Monday, August 24, 2009
Those of you who have been keeping up with my sister's blog have likely also been following the saga of her discovering that she has adult ADD. It's been a whirlwind of a month--well, a life, really--for her, and I'm glad she's discovered what's been going on in her head this whole time. She's suffered long enough with this, and it's time she got to live a more typical life (I won't say "normal" because who the hell knows what that means.) What this discovery has done for Kitty is immeasurable, and to say that I'm glad for her is an understatement. It's not just that I'm glad for her--I'm glad for all of us.
If you've dealt with mental illness, whether it was chemical or emotional or both in nature, you know that it takes a terrible toll on the person. What we sometimes forget is what it does to everyone else around that person. It's not just Kitty dealing with the effects of her ADD, it's all of us. While she's been struggling with it for around thirty years, I've been right there with her. I've tried to be supportive, but even the patience of a sister and twin soul can be tried. So, after talking with Kitty about it, I'm doing a couple of posts on what it's like to be sitting next to Kitty and dealing with her ADD while she's dealing with it too. I believe her posts on her struggle were incredibly brave, heartfelt, and educational, and they were also well-written. Here's hoping some of that well-spokenness rubs off on my tripe of a blog.

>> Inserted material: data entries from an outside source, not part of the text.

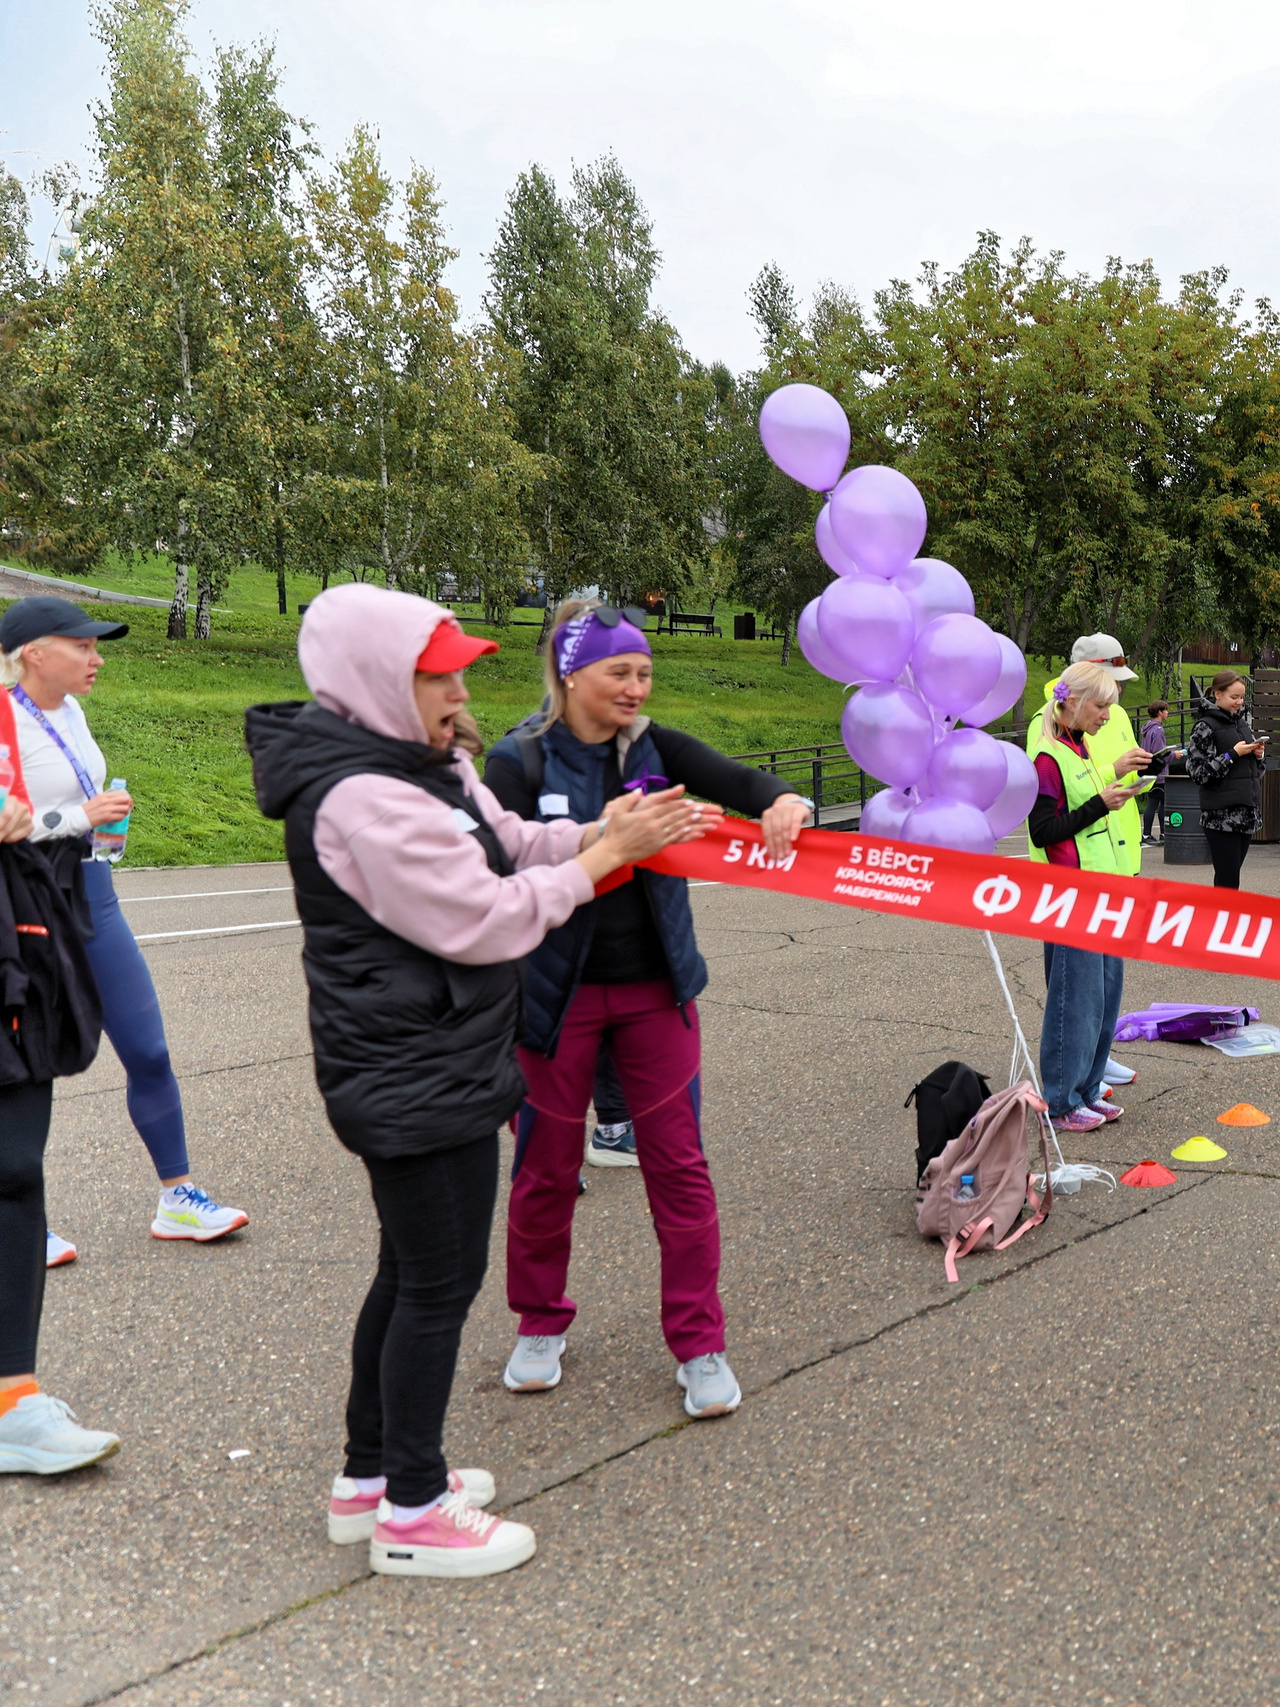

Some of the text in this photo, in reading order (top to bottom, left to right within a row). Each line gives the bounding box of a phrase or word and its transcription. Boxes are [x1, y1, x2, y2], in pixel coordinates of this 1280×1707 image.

[723, 840, 744, 863] 5
[849, 846, 934, 875] 5 ВЁРСТ
[835, 867, 935, 893] КРАСНОЯРСК
[834, 883, 922, 907] НАБЕРЕЖНАЯ
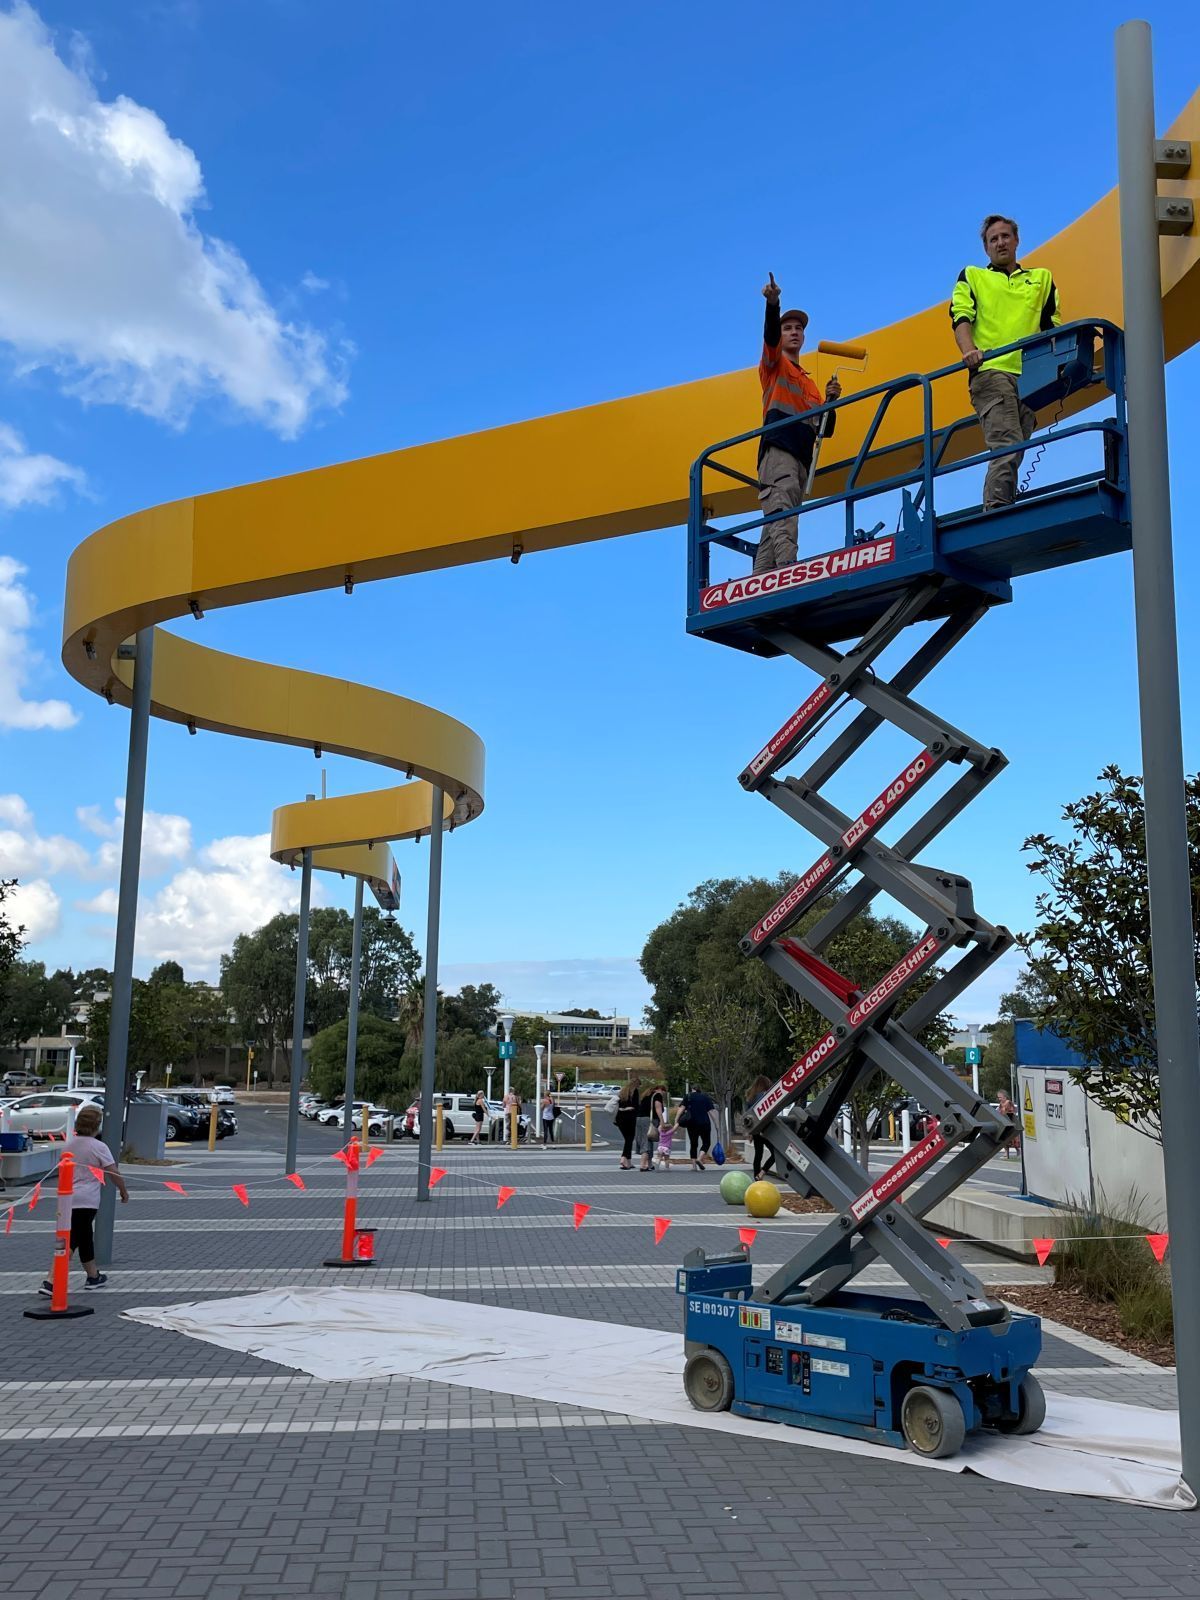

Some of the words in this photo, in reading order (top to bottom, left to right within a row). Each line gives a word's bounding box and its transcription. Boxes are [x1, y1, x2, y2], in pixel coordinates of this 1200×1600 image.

I can't even remember when it started. I just know that for the vast majority of my life, I've been standing in between Kitty and the rest of the family, counseling her, offering advice, and sometimes just flat out picking her up off the floor or talking her down off of a ledge. It's flashbulb memories of Kitty trying to pick which candy bar to get in the Superette in Booger County, finally deciding with a hand snapping out impulsively to grab a 3 Musketeers and snatch it off the shelf as if the entire display were about to disappear. (She paid for it, mind you, it was just odd to watch her make decisions, hovering, looking, hand floating above the bars, or food at a buffet, or anything involving a choice.) It's witnessing a shrieking fit when Dad states that we're going to Aunt G____'s for Fourth of July, and Kitty "will be damned" if she's going (she's about 14). At family gatherings, she hides off in a room and reads magazines or finds someplace to take a nap. She tries to make conversation with Dad's siblings and their spouses, but it always seems a little forced to me.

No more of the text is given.